ENGLEWOOD, Colo. --Steelers fans might be sitting at their laptops or tapping their devices, impatiently awaiting the smoke signals to reveal whether Ben Roethlisberger and Antonio Brown will be able to play Sunday in the divisional-playoff showdown at Sports Authority Field at Mile High.
But the Broncos aren't paying any attention to the reports from Pittsburgh, or the statements from Steelers players and coaches themselves. And if they do notice them, it's mostly with a jaundiced eye.
"They can drag it along, put the ruse on it all you want, and make it up however you want to; it [isn't anything] but the Jedi mind trick," said defensive end Antonio Smith.
"I expect [Roethlisberger] to play just because of the competitor I know him to be."
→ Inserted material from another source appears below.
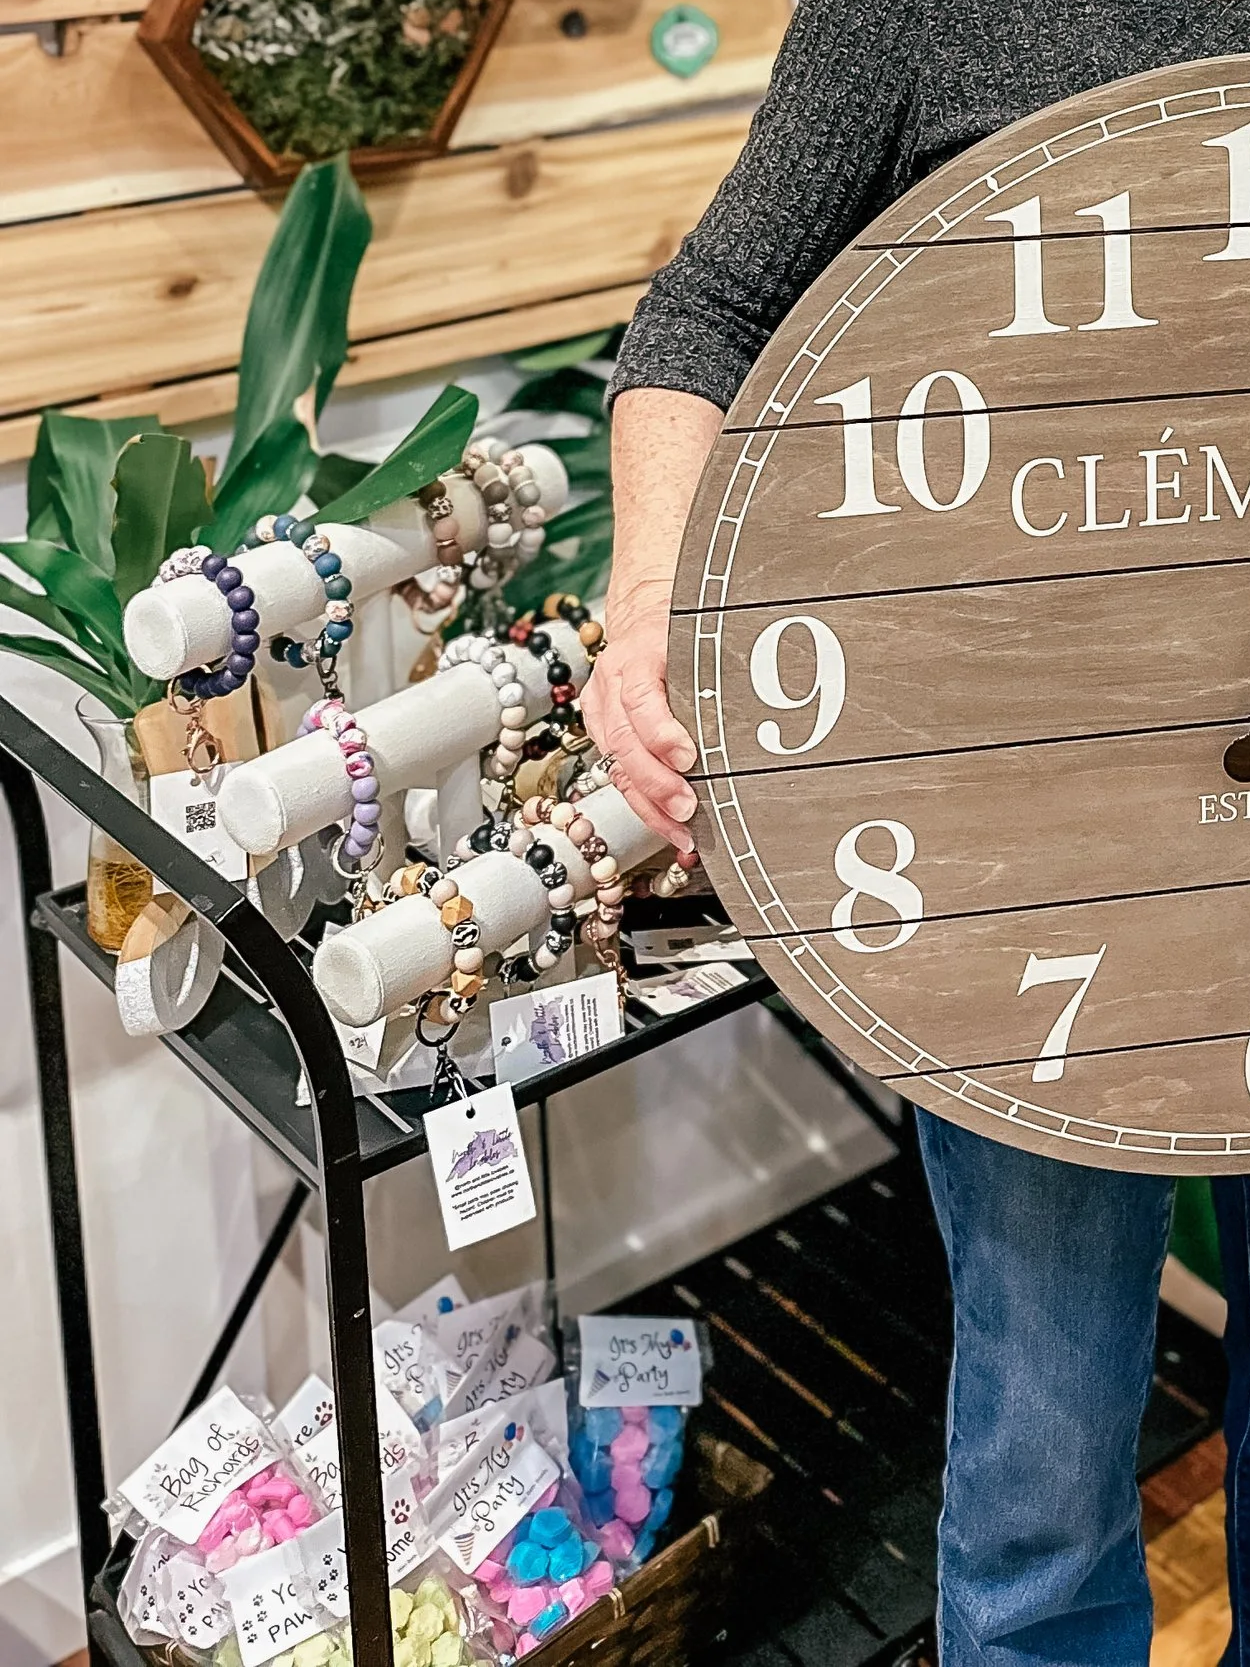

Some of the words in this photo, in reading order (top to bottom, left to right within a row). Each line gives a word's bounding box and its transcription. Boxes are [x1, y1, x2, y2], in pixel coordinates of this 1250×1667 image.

All of the Broncos' game plans have revolved around Roethlisberger and Brown playing. Brown has not practiced this week as he remains in the league-mandated post-concussion protocol, while Roethlisberger has seen limited work each of the last two days.
"We're getting ready for them to play," Defensive Coordinator Wade Phillips said. "If for some reason, they didn't, we have alternate plans. But we expect them to be there and be playing."
Although the throwing shoulder is the body part Roethlisberger admits he least wants to see injured, he's played through enough injuries in the past for the Broncos to understand he'll likely to be out there somehow, some way.
"He's one of the toughest quarterbacks I've seen in a long time, if not the toughest," Phillips said. "They had one like him before, though, that's in the Hall of Fame."
That, of course, is Terry Bradshaw, who led the Steelers to world championships in the 1974, 1975, 1978 and 1979 seasons.
"When I was with the Oilers, we broke his hand during the game, and actually Tony Dungy had to finish the game. We beat them there," Phillips recalled, referencing a 1977 game in which the Houston Oilers trounced the Steelers, 27-10.
"We had them two weeks later, in Pittsburgh, and he had half a cast on, and played and beat us in that ballgame," Phillips recalled. The final score of the rematch was the same, but the teams were reversed, and that loss ended up being the difference as the Steelers won the AFC Central by one game over the nascent, but still developing, Oilers.
Thirty-eight years and three months later, Roethlisberger has the "same kind of mentality" and is the "same kind of great player," Phillips added. That helped him withstand the Broncos' furious pass rush to become the only quarterback to throw for at least 300 yards on the Broncos defense during the 2015 regular season.
"Just who he is as a competitor, I know he's going to be out there on that field -- and he isn't going to limit himself when he's out there, either," Smith said.
And that means the Broncos will go into Sunday assuming that Roethlisberger has his typical range and velocity.
"You've got to go into the game thinking you're going to get what they can do best," Phillips said. "And he's obviously one of the best, if not the best, as far as throwing the ball, and he proved it against us.
"I don't think you go into the game saying, 'Well, he's not going to be able to do that.' If something were to occur like that, or if somebody else is in there, we'd have to adjust, but we don't expect that."
Added OLB DeMarcus Ware: "I think they're going to do the same thing. There are always techniques to hide pain in this NFL. That's just the way it goes. He's going to get out there and play."